PROBLEM TO WORK ON: Transcribe the records from the line containing "this 1280×1280 image." onward, up to and including the final line, exactly and without anything else.

──────── INPUT RECORDS ────────

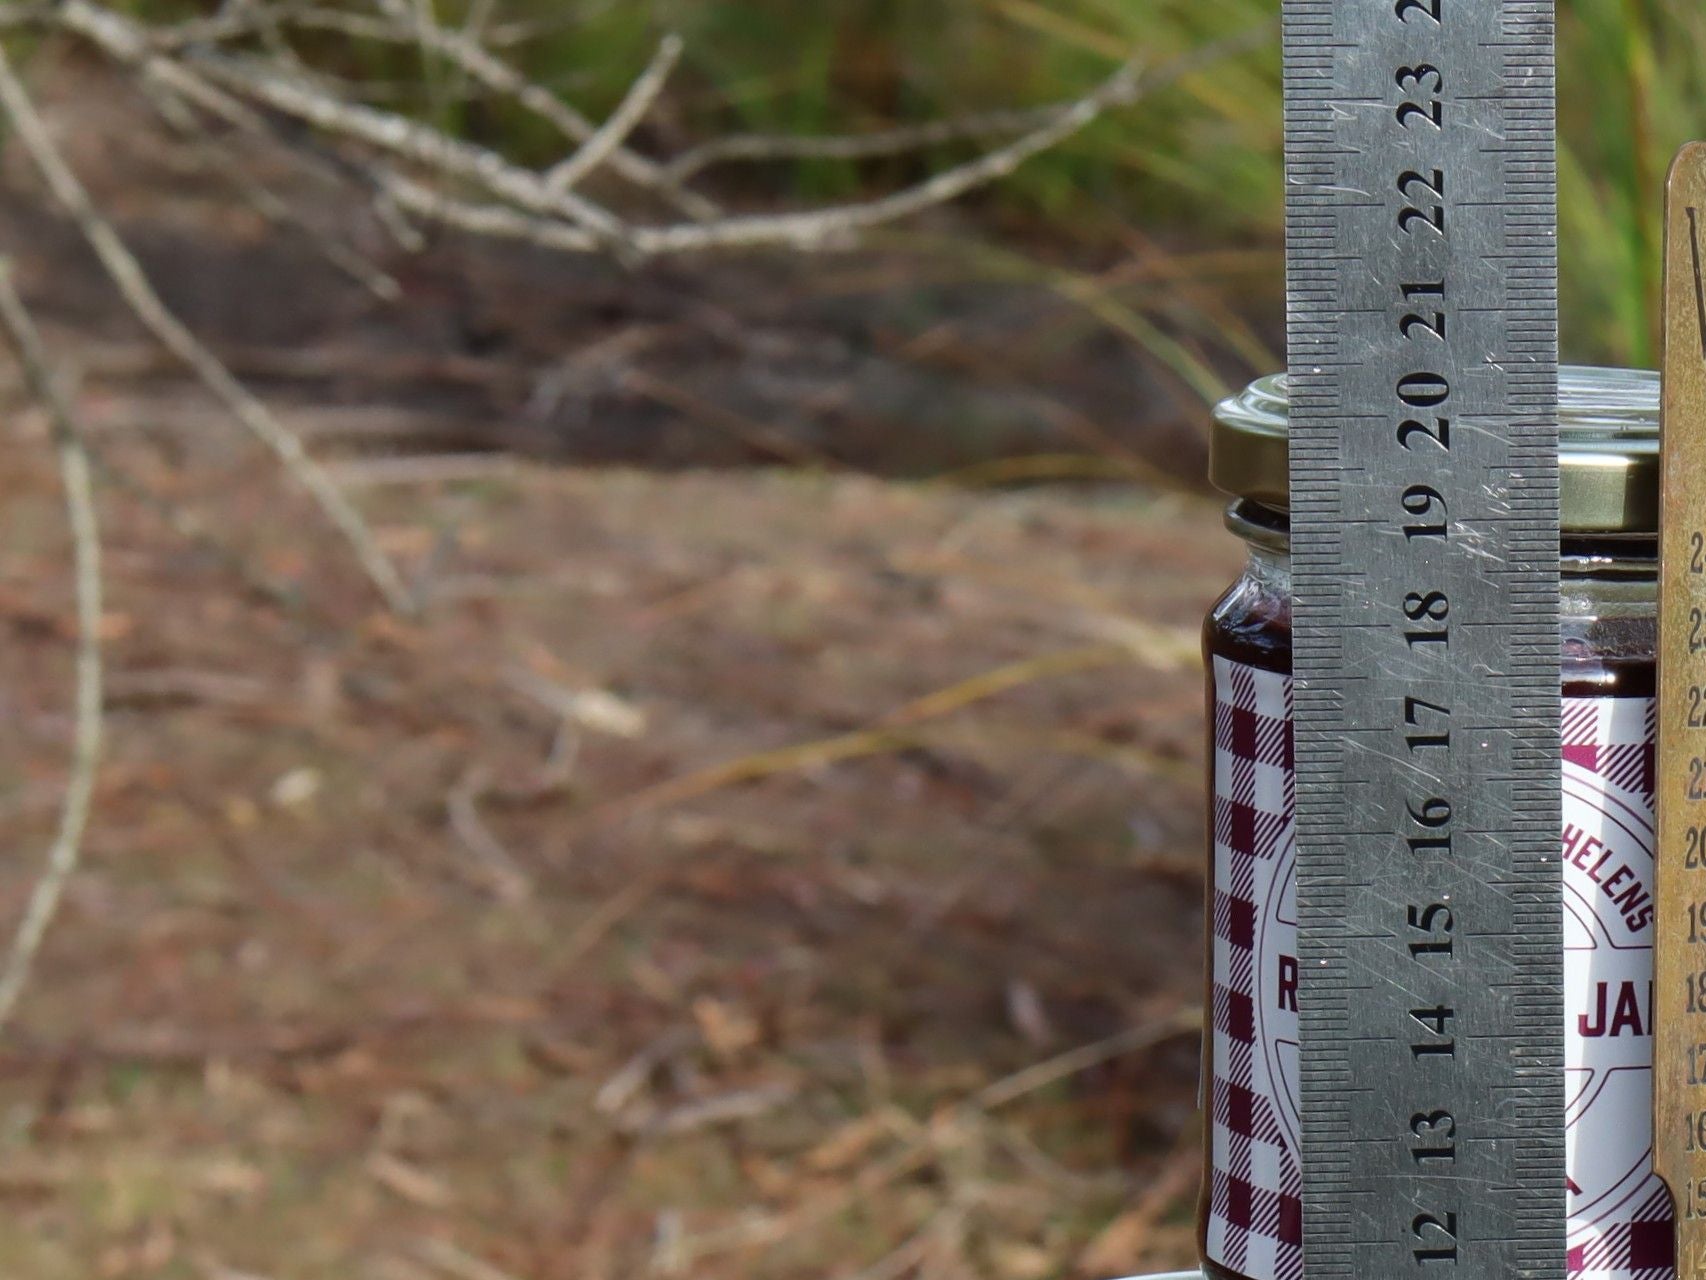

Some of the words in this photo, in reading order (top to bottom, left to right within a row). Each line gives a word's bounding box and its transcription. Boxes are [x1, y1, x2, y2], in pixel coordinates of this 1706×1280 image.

[1396, 63, 1442, 131] 23
[1397, 168, 1443, 236] 22
[1399, 277, 1446, 343] 21
[1396, 371, 1449, 452] 20
[1402, 484, 1448, 543] 19
[1402, 590, 1449, 651] 18
[1405, 695, 1451, 754] 17
[1406, 796, 1453, 857] 16
[1562, 823, 1653, 933] HELENS
[1407, 902, 1453, 961] 15
[1409, 1004, 1454, 1064] 14
[1578, 981, 1653, 1037] JA
[1409, 1108, 1456, 1166] 13
[1412, 1209, 1459, 1267] 12
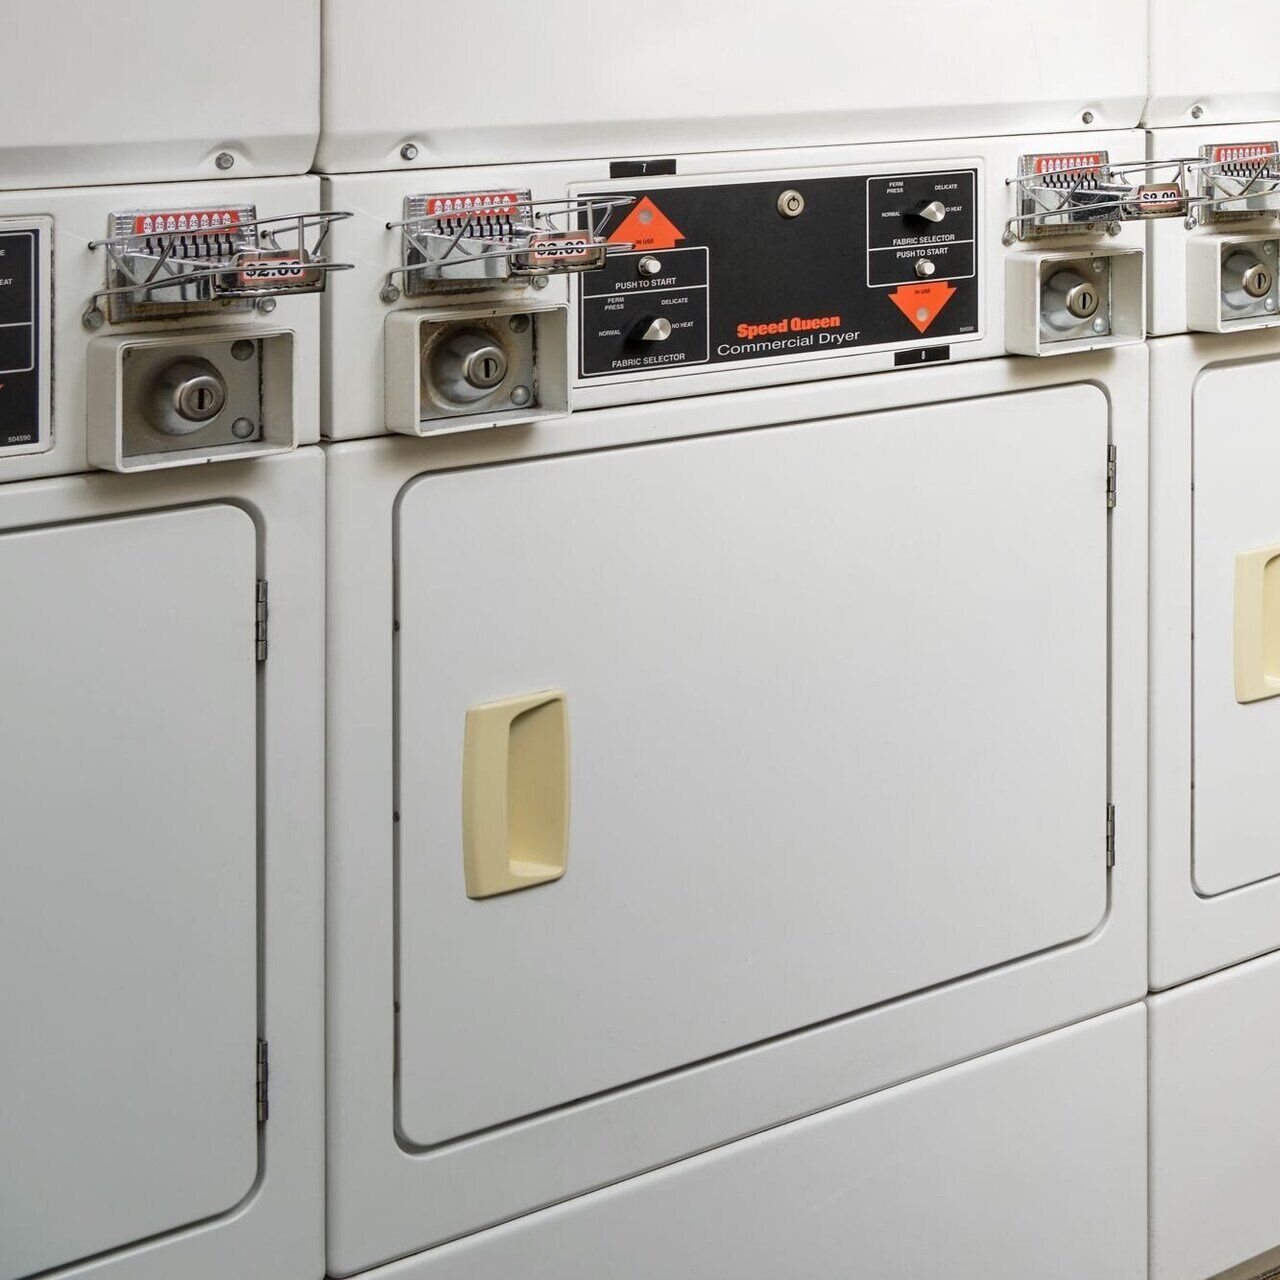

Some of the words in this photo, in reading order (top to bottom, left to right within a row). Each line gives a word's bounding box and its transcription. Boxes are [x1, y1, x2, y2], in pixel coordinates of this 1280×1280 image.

[642, 164, 647, 173] 7
[1143, 192, 1176, 203] $200
[892, 237, 918, 246] FABRIC
[919, 234, 955, 243] SELECTOR
[536, 241, 585, 256] $2.00
[896, 250, 916, 258] PUSH
[927, 247, 949, 255] START
[246, 261, 301, 278] $2.00
[615, 281, 637, 290] PUSH
[638, 280, 650, 288] TO
[651, 277, 676, 286] START
[661, 297, 688, 305] DELICATE
[599, 329, 621, 337] NORMAL
[736, 319, 788, 339] Speed
[790, 315, 841, 332] Queen
[717, 335, 813, 356] Commercial
[818, 331, 861, 345] Dryer
[611, 358, 641, 368] FABRIC
[643, 353, 686, 364] SELECTOR

────────

RESULT:
Some of the words in this photo, in reading order (top to bottom, left to right within a row). Each line gives a word's bounding box and its transcription. Boxes are [x1, y1, x2, y2], in pixel coordinates of this 1280×1280 image.

[642, 164, 647, 173] 7
[1143, 192, 1176, 203] $200
[892, 237, 918, 246] FABRIC
[919, 234, 955, 243] SELECTOR
[536, 241, 585, 256] $2.00
[896, 250, 916, 258] PUSH
[927, 247, 949, 255] START
[246, 261, 301, 278] $2.00
[615, 281, 637, 290] PUSH
[638, 280, 650, 288] TO
[651, 277, 676, 286] START
[661, 297, 688, 305] DELICATE
[599, 329, 621, 337] NORMAL
[736, 319, 788, 339] Speed
[790, 315, 841, 332] Queen
[717, 335, 813, 356] Commercial
[818, 331, 861, 345] Dryer
[611, 358, 641, 368] FABRIC
[643, 353, 686, 364] SELECTOR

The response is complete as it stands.